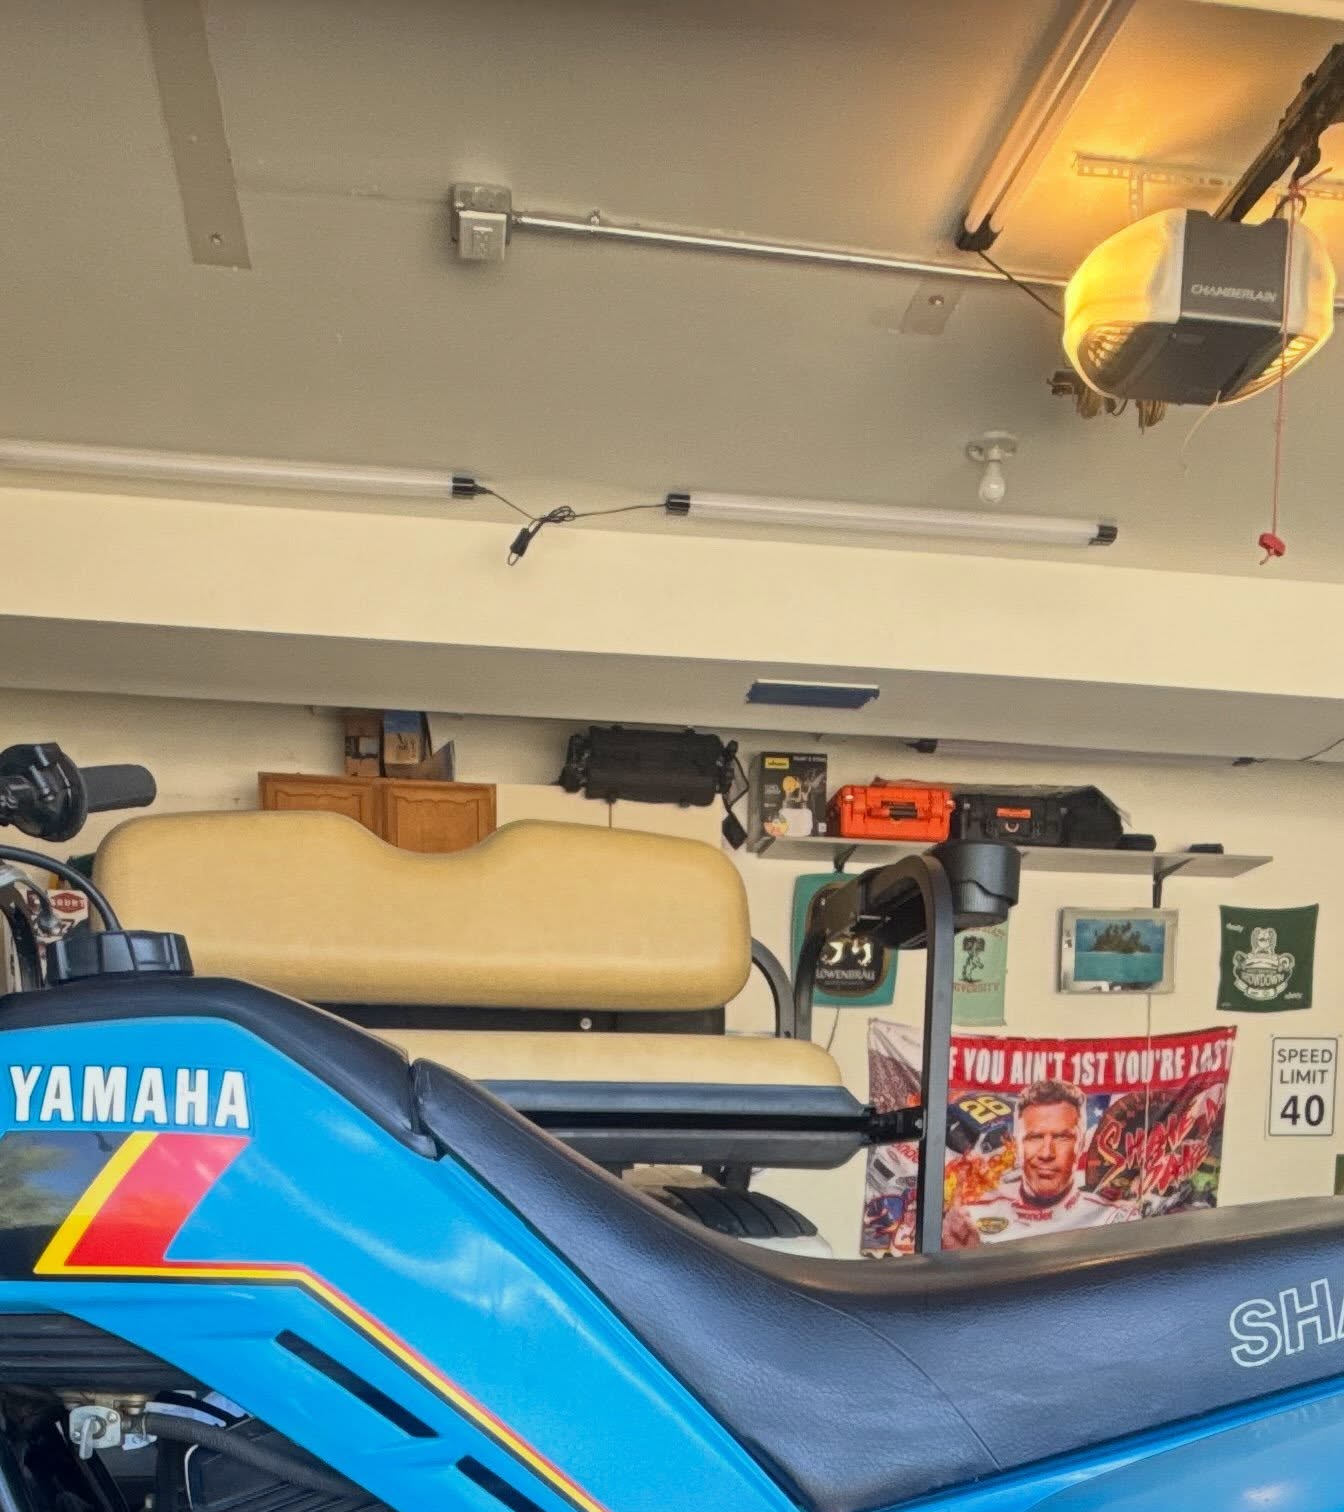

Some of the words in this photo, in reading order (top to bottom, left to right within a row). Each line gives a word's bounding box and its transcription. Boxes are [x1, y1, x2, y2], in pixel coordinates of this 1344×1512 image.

[1190, 283, 1277, 303] CHAMBERLAIN
[963, 1046, 1005, 1084] YOU
[1010, 1046, 1067, 1085] AIN'T
[1071, 1051, 1109, 1086] 1ST
[1114, 1045, 1186, 1083] YOU'RE
[1188, 1037, 1234, 1074] LAST
[1276, 1047, 1333, 1064] SPEED
[1278, 1068, 1329, 1085] LIMIT
[8, 1064, 251, 1130] YAMAHA
[1279, 1094, 1325, 1127] 40
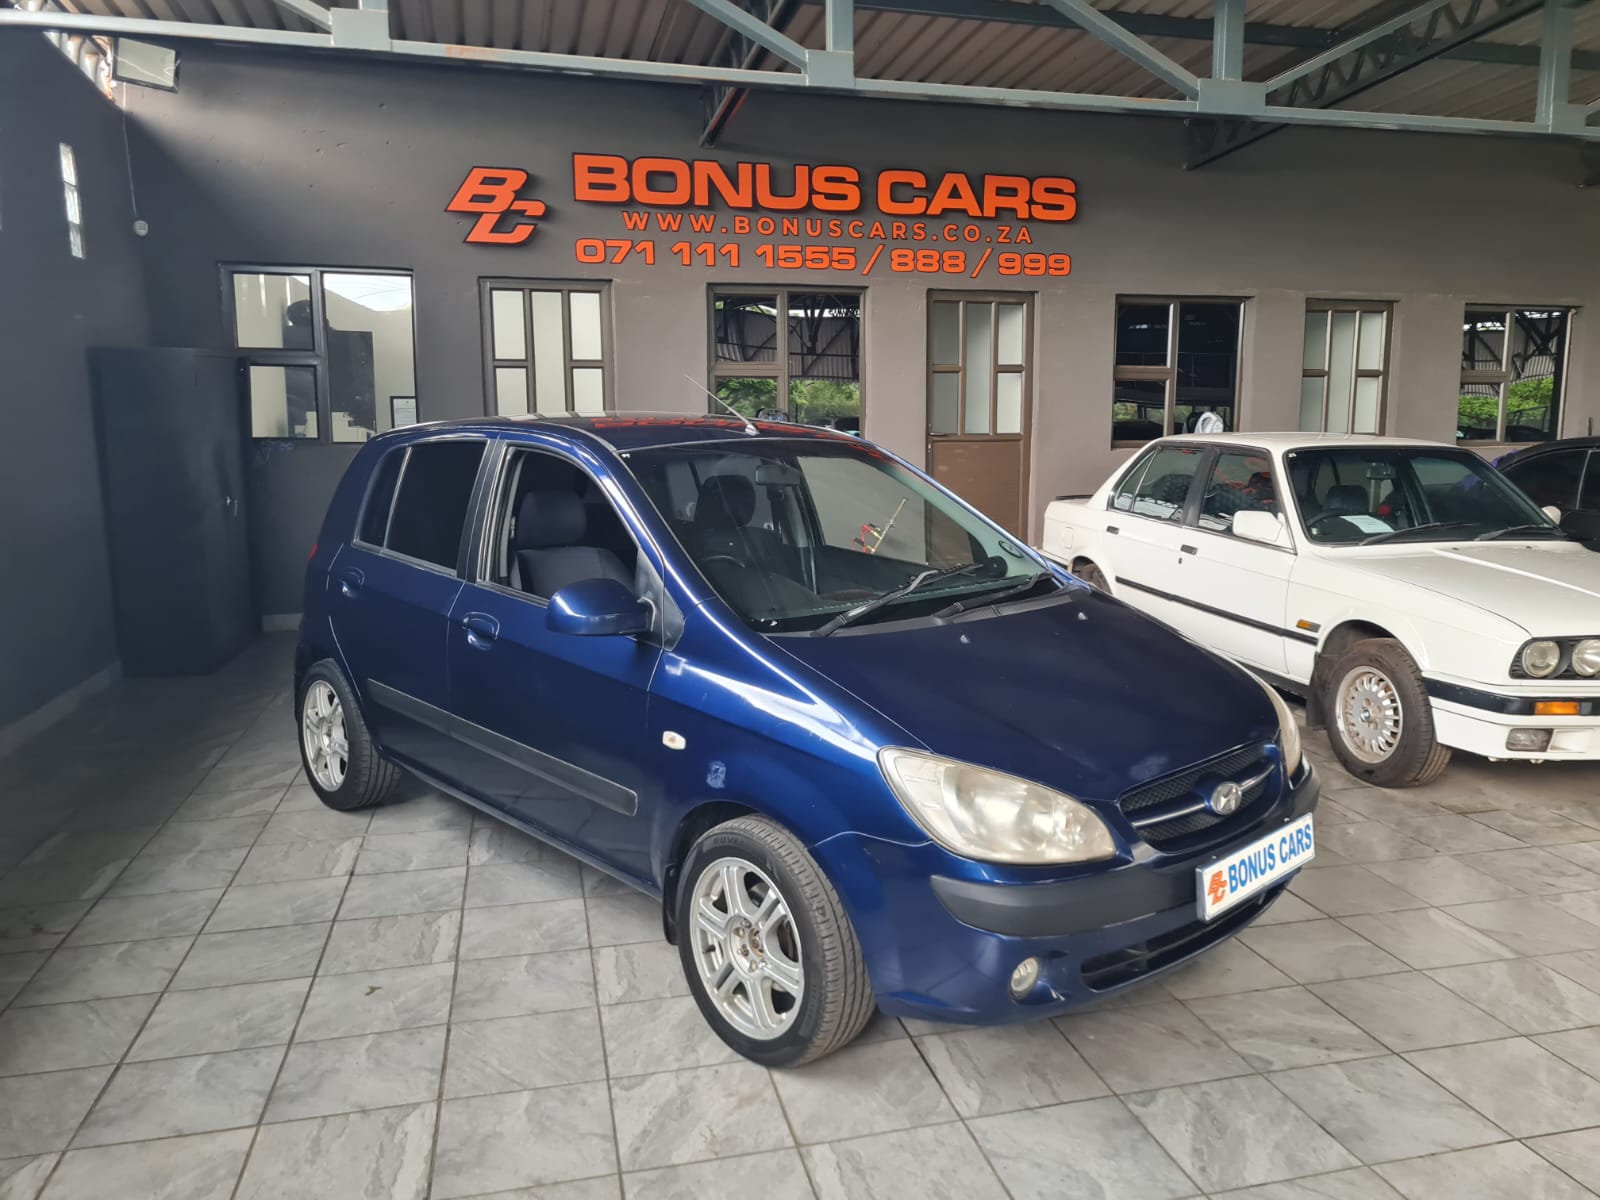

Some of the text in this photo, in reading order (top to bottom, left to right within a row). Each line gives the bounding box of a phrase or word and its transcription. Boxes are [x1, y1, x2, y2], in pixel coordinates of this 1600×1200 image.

-*-*-

_Requirement_
Every entry above needs to be retyped exactly; drop the pictures.

_Solution to this task_
Some of the words in this photo, in reading order (top to bottom, left to right within a row). Each line gives a word's bounding box and its transcription. Boxes are [x1, y1, x2, y2], in pixel coordinates of this 1344×1512 image.

[1190, 283, 1277, 303] CHAMBERLAIN
[963, 1046, 1005, 1084] YOU
[1010, 1046, 1067, 1085] AIN'T
[1071, 1051, 1109, 1086] 1ST
[1114, 1045, 1186, 1083] YOU'RE
[1188, 1037, 1234, 1074] LAST
[1276, 1047, 1333, 1064] SPEED
[1278, 1068, 1329, 1085] LIMIT
[8, 1064, 251, 1130] YAMAHA
[1279, 1094, 1325, 1127] 40

Some of the text in this photo, in reading order (top to bottom, left to right within a row). Each line gives the bounding box of a phrase or word and its transcription. Boxes are [x1, y1, x2, y2], in pixel coordinates of this 1600×1200 image.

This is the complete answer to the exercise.